The story, which was published this week, outlines how CDPQ is looking to place its investment into the UK and France, with Charles Emond, president and chief executive, saying that the firm would also look to invest within Germany, Spain, and the Nordic regions. To buttress these plans, the company plans to increase its staffing in London from 40 to 70 people over the next year-and-a-half.
Emond was a little coy in the interview, saying: “We anticipate growing this figure in the coming years mainly due to opportunities we see across Europe for private investments in our sectors of expertise and interest, including financial services, financial technology, private credit, infrastructure, real estate, healthcare and the energy transition.”
Green asset growth
CPDQ have been in the news a lot this week. A few days ago, AsianInvestor reported that the company was looking to ‘quit oil next year’ in an attempt to reach net-zero in its portfolio by 2050.

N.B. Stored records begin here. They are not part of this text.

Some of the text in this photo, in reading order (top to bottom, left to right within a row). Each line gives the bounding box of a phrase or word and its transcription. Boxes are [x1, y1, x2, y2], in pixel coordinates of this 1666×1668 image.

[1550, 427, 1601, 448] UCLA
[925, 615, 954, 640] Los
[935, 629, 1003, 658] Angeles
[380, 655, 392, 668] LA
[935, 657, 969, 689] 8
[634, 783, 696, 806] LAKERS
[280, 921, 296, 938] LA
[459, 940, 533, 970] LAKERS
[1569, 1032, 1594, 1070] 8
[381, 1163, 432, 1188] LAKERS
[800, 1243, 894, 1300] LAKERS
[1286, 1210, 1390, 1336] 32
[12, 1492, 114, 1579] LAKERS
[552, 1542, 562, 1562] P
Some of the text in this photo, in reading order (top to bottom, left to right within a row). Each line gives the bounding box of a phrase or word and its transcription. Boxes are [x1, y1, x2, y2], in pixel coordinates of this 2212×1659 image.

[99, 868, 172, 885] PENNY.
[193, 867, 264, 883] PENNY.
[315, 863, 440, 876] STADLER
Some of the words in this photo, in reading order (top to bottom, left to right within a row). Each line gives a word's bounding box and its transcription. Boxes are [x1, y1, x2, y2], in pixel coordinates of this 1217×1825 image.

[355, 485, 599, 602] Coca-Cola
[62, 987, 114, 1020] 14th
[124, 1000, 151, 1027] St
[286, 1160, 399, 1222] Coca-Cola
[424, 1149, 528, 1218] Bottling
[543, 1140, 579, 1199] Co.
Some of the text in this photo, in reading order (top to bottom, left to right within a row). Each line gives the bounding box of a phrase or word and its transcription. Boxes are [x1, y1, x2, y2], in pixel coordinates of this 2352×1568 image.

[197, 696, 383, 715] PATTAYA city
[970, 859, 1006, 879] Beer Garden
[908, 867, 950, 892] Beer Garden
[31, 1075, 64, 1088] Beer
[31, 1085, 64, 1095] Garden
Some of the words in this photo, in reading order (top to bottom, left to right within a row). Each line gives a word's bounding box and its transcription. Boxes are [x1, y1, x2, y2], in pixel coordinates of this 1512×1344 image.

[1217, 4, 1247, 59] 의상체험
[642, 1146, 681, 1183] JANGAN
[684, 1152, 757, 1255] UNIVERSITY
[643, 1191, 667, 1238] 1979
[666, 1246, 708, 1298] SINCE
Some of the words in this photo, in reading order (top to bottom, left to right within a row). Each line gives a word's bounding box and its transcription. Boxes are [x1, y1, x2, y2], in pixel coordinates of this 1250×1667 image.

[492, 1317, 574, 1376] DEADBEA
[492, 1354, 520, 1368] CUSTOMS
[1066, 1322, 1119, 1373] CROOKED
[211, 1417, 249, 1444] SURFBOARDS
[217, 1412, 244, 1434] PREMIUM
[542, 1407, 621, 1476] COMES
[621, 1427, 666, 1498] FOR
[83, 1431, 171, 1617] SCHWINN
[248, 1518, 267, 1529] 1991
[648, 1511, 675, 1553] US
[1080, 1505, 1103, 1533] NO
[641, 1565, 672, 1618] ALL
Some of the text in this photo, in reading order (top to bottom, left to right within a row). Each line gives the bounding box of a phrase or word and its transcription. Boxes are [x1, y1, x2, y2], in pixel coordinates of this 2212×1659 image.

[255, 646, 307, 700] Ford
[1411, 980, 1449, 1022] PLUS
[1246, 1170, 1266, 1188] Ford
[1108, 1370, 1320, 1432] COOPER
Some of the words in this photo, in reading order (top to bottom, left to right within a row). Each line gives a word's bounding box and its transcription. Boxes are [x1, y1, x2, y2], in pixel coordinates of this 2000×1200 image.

Leong Wai Leng, managing director and regional head of Asia Pacific, for the pension fund manager told the publication that the firm has doubled its green assets between 2017 and 2020. In its 2020 Stewardship Investing Report, the company said that it had decreased the carbon intensity of its total portfolio by 38% in the same time period.
In that report, the company said: “We achieved this reduction by rigorously using carbon budgets, acquiring low-carbon assets and disposing of higher carbon-intensity assets. Given that we have exceeded our reduction target of 25%, in 2021 we will be setting a new target for 2025. We expect to continue our efforts toward achieving a carbon-neutral portfolio by 2050.”
The company has been attempting to move to a net-zero portfolio since 2017 under two pillars. The first was to hold $54bn in green assets by 2025, with the second to reduce carbon intensity by 60% by 2030.
In September, it announced that it was to add two new pillars to its strategy, by first creating a $10bn transition envelope as well as exiting oil production by next year.